Gheesa's brother, Rutma, was with us, and he performed the funeral ceremonies; and it was he, I believe, who afterwards took the bones to the Ganges to throw them into the holy stream.

If any man, wounded on the field of battle, or in a dacoitee, is taken bleeding to a place haunted by a spirit, the spirit gets angry, and lays hold of him. He comes in all manner of shapes, sometimes in that of a buffalo, and sometimes in that of a woman; sometimes in the air above, and sometimes on the ground, but no one can see him, except the person he is angry with, and wants to lay hold of.
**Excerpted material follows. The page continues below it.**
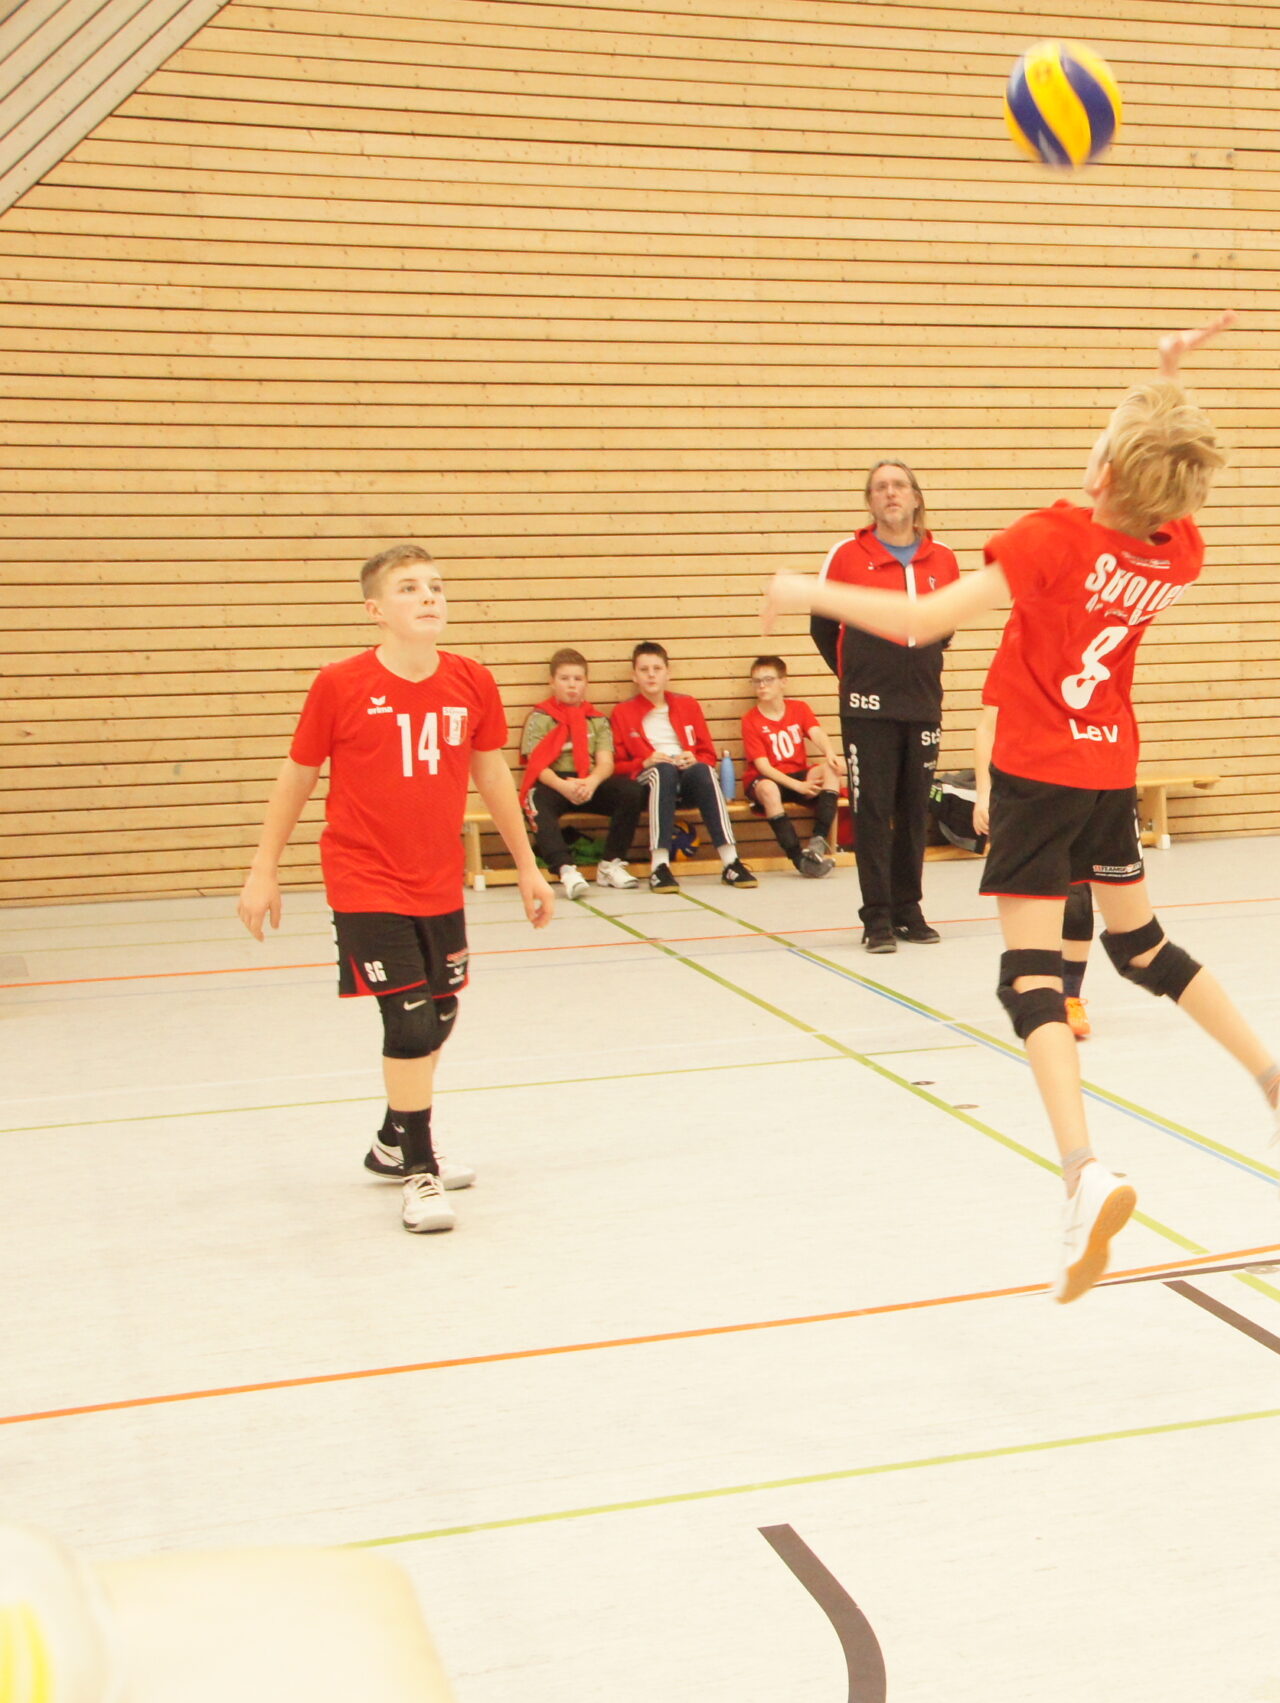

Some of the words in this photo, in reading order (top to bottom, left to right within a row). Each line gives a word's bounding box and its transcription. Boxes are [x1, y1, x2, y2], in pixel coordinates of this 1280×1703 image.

Upon such a wounded person we always lay a naked sword, or some other sharp steel instrument, as spirits are much afraid of weapons of this kind. If there be any good conjurer at hand to charm the spirit away from the person he lays hold of, he recovers; but if.not, nothing can him. When the spirit seized Gheesa under the tree, we had, unfortunately, no conjurer of this kind, and the poor fellow died in consequence It was evident that a spirit had got hold of him, for he could not keep his head upright. It always fell down upon his right or left shoulder, as often as we tried to put it right, and he was constantly complaining of pain in the region of his liver ; we all concluded that the spirit had broken his neck, and was consuming his liver.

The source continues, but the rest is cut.